Over time, excessive alcohol use can cause dementia-like symptoms. But these effects can be slowed — and sometimes reversed — if you stop drinking.
“Alcoholic dementia” is an older term commonly used to describe the medical condition now known as alcohol-related dementia or alcohol-induced major neurocognitive disorder. These terms are used interchangeably and describe a severe form of alcohol-related brain damage (ARBD).
ARD is a type of cognitive impairment that occurs as a result of heavy alcohol consumption over a long period.
Note that alcohol-related dementia is sometimes confused with Wernicke-Korsakoff syndrome. While the two conditions share some similarities, they have different causes. Wernicke-Korkasoff syndrome is caused by a thiamine (Vitamin B1) deficiency, though heavy alcohol use can be an underlying cause of this deficiency.
The symptoms of alcohol-related dementia and age-related dementia are fairly similar.
Potential symptoms of alcohol-related dementia include issues with:
- memory (especially your ability to form new long-term memories)
- focus and concentration
- problem-solving and planning
- emotional control
- physical balance, even when not drinking
Symptoms tend to develop gradually and worsen over time if you continue drinking.
These changes can greatly impact your daily life and may make it difficult to perform simple tasks like cooking a meal or paying your bills. Over time, they can also impact your mood, personality, and social skills.
The brains of participants who were drinking three units of alcohol a day over the previous month had reductions in both white and gray matter, making their brains appear three and a half years older. For reference, one unit is considered a half pint of beer or a small glass of wine.
If you think you may be experiencing alcohol-related dementia, talk with a healthcare professional.
They’ll likely start by doing a physical exam and asking about your physical and psychological symptoms. They may also ask you to complete a questionnaire about symptoms related to your memory and cognitive abilities.
Depending on your symptoms, you might also undergo a brain scan to rule out other concerns, like a stroke or tumor, or brain bleeding caused by physical trauma. You may also get a brain scan to rule out other potential conditions, like stroke, tumor, or a brain bleed caused by physical trauma.
All of the information gathered during the diagnostic process will also help them rule out other types of dementia, including Alzheimer’s disease or vascular dementia.
The first part of treatment for alcohol-related dementia aims to help you stop drinking alcohol.

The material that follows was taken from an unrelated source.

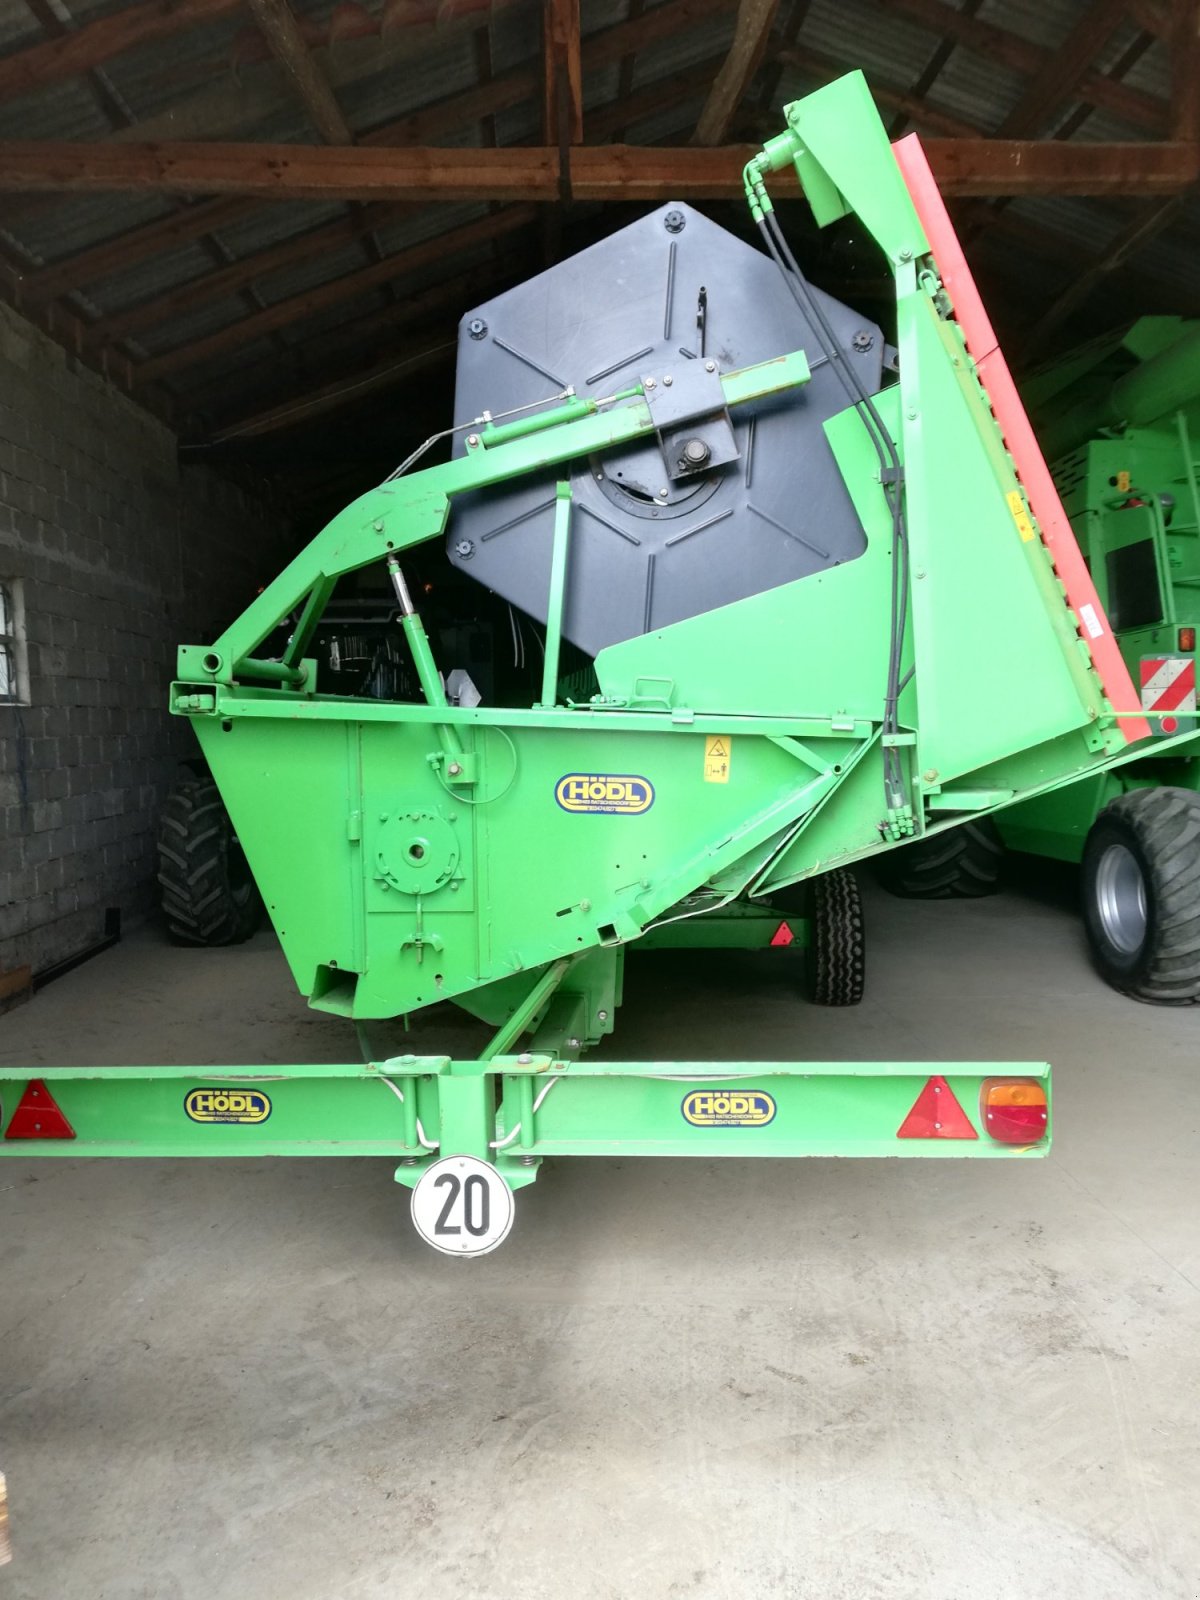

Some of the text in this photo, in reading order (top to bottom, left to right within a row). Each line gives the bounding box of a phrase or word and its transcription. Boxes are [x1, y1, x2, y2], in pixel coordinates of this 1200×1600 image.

[569, 777, 641, 801] HÖDL
[197, 1091, 260, 1112] HÖDL
[695, 1092, 764, 1114] HÖDL
[434, 1173, 490, 1236] 20

This can take several weeks, and you may need to do this under medical supervision.
If you’ve been drinking alcohol for a long time, you might experience alcohol withdrawal symptoms, including disorientation, agitation, and mood changes. But your care team can prescribe medications to help with withdrawal symptoms. You might also receive fluids, salts, and thiamine by injection.
Once the withdrawal process is over, you’ll likely be referred to a mental health professional for extra support. Joining a support group can also be helpful at this stage of treatment.
Often, symptoms stop progressing and even improve after you stop drinking. But in some cases, your care team may prescribe medication like rivastigmine or memantine, which are typically used for managing Alzheimer’s disease symptoms.
Is alcohol-related dementia reversible?
If you stop drinking, it’s possible to at least partially reverse the effects of alcohol-related dementia.
Alcoholic dementia, or alcohol-related dementia, is a severe form of alcohol-related brain damage caused by many years of heavy drinking. It can lead to dementia-like symptoms, including memory loss, erratic mood, and poor judgment.
If you suspect you have this condition, reach out to a healthcare professional as soon as possible to discuss treatment options. The sooner you treat alcohol-related dementia, the better your chances of recovery.
If you’re concerned about your alcohol use but aren’t sure about next steps or don’t feel comfortable talking with a healthcare professional, the SAMHSA National Helpline, 1-800-662-HELP (4357), offers free, confidential support.